Members of the lab are involved in teaching in the Molecular Biotechnology Bachelor and Master Program at the university Heidelberg.
Courses
Winter semester 2019 / 2020
Summer semester 2019
Bachelor thesis projects 2020
Here are some possible topics/projects for students wanting do to their bachelor thesis in our group during the summer semester 2020
Topic 1 : using single-cell data to interpret expression data from patients
Currently, more and more single-cell RNA-seq datasets are generated to increase the resolution of transcriptomics to the single-cell level. These datasets allow to understand the mixture of cell types within a tissue sample, and have been applied to create atlases of cell types from mouse embryos. On the other hand, there are thousands of bulk RNA-seq datasets available, which lack this resolution. We are working on implementing methods to re-interpret bulk datasets using single-cell information, and map for example patient data onto trajectories defined from single-cell expression. The project would be to contribute to the development of this method, in particular, the visualization of the data, and to apply it to a large set of pediatric tumor types. Comparison to datasets of normal tumor would be used to validate the method.
Main aspects:
- data analysis of sequencing data
- interactive visualization using Shiny
- comparative genomics (mouse/human)
References
Topic 2 : single-cell multi-omics integration using auto-encoder strategies
In the last three years, a new wave of technologies that allows profiling multiple molecular levels in single-cells at the same time has come to light, e.g.; CITEseq, scCAT-seq, scNMT-seq, and scDam&T. Therefore it is crucial to develop new methods that take into account multiple layers of information at the same time to find clusters of cells, identify interactions between such layers and generate signatures or factors underlying the differences between cells.

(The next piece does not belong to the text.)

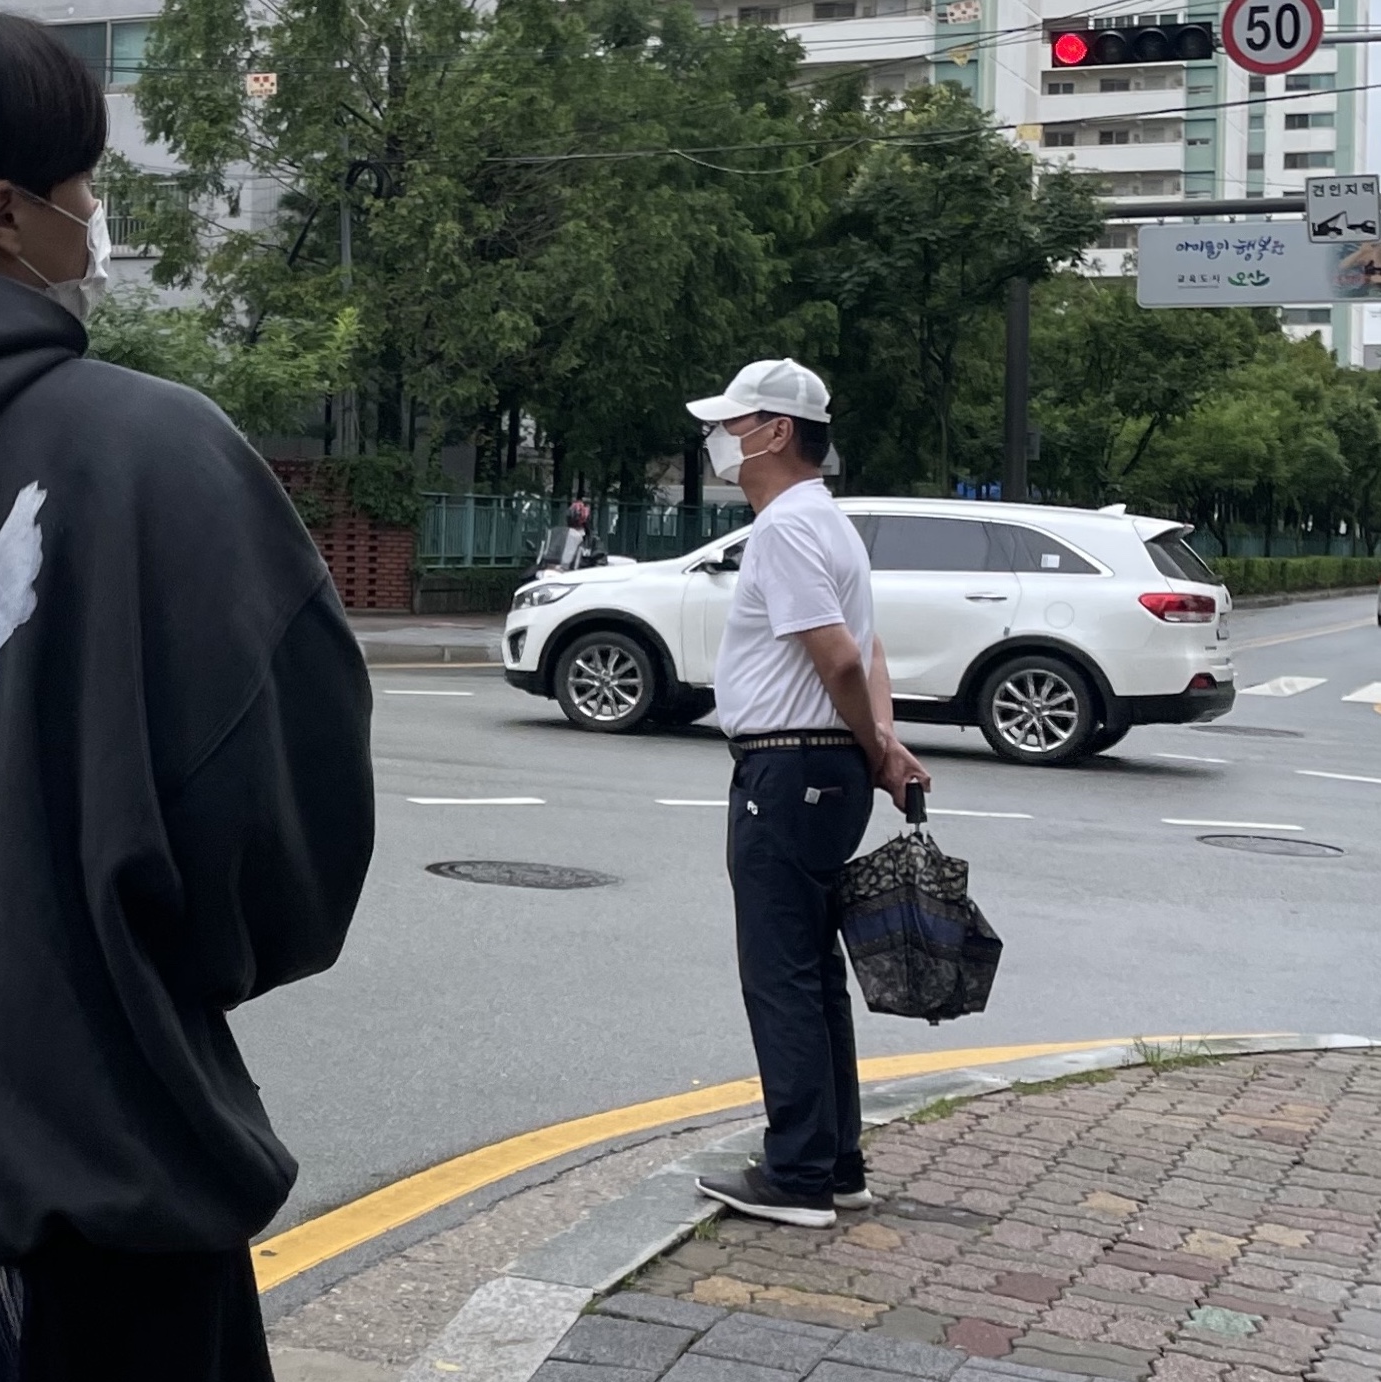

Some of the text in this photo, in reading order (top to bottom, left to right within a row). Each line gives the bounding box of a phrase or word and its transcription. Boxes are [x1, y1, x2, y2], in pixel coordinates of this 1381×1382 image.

Auto-encoders are a popular way to achieve dimensional reduction in a non-linear way, and extract relevant features from a dataset. This can be applied e.g. to a single-cell dataset and can be compared to a method based on linear approaches such as principal component analysis or non-negative matrix factorization. Such approaches can also be used to perform integration of multi-omics datasets. The goal of the project ist to explore the possibilities of auto-encoders for integrating single-cell RNA-seq and single-cell ATAC-seq from different in-house and published datasets, and compare the result of these integrations to other methods implemented e.g. in popular R packages or based on integrative non-matrix factorization
Main aspects:
- machine learning using python
- handling of large single-cell datasets
References
Topic 3 : improving stratification of schizophrenia patients using multi-omics datasets
Schizophrenia is a severe disease whose diagnosis is mostly based on clinical interviews. Within a large consortium, we are working on improving this by identifying molecular signatures based on multiple omics data types, for example DNA methylation, and gene expression (RNA-seq). This integration will likely improve stratification of patients based on a single data type. The goal of the project would be to implement several strategies to perform this data integration (neural networks, integrative linear methods, …) to identify patient groups and benchmark these approaches against single data stratification.
Main aspects
- data processing of primary RNA-seq and methylation data
- implementation of data integration strategies using neural networks and matrix factorization
- biological validation of the signatures using literature-based knowledge
References
Topic 4 : differential “in-silico phenotyping” of tumor and normal tissues
The existence of large RNA-seq datasets of tumor tissue and matching normal tissue allows to conduct comparative studies. In particular, recent approaches allow to determine the activity of pathways and transcription factors from the transcriptomic data, which can be used to understand how pathways and master regulators are jointly activated or seem to have mutually exclusive patterns. In recent projects, we have for example described how mesenchymal phenotypes appear to be tightly related to pathway activation, for example the RAS pathway. The goal of the project is to conduct a large scale analysis of the activity patterns of pathways and master regulators, and to understand how these patterns are perturbed in tumor tissues compared with normal counterpart. We will in particular focus on processes related to ferroptosis across various tumor types to describe how this process is related to other pathways.
Main aspects
- large scale processing of transcriptomic data from TCGA
- implementation of statistical methods to study differential correlation
- visual representation of the data and interactive data mining.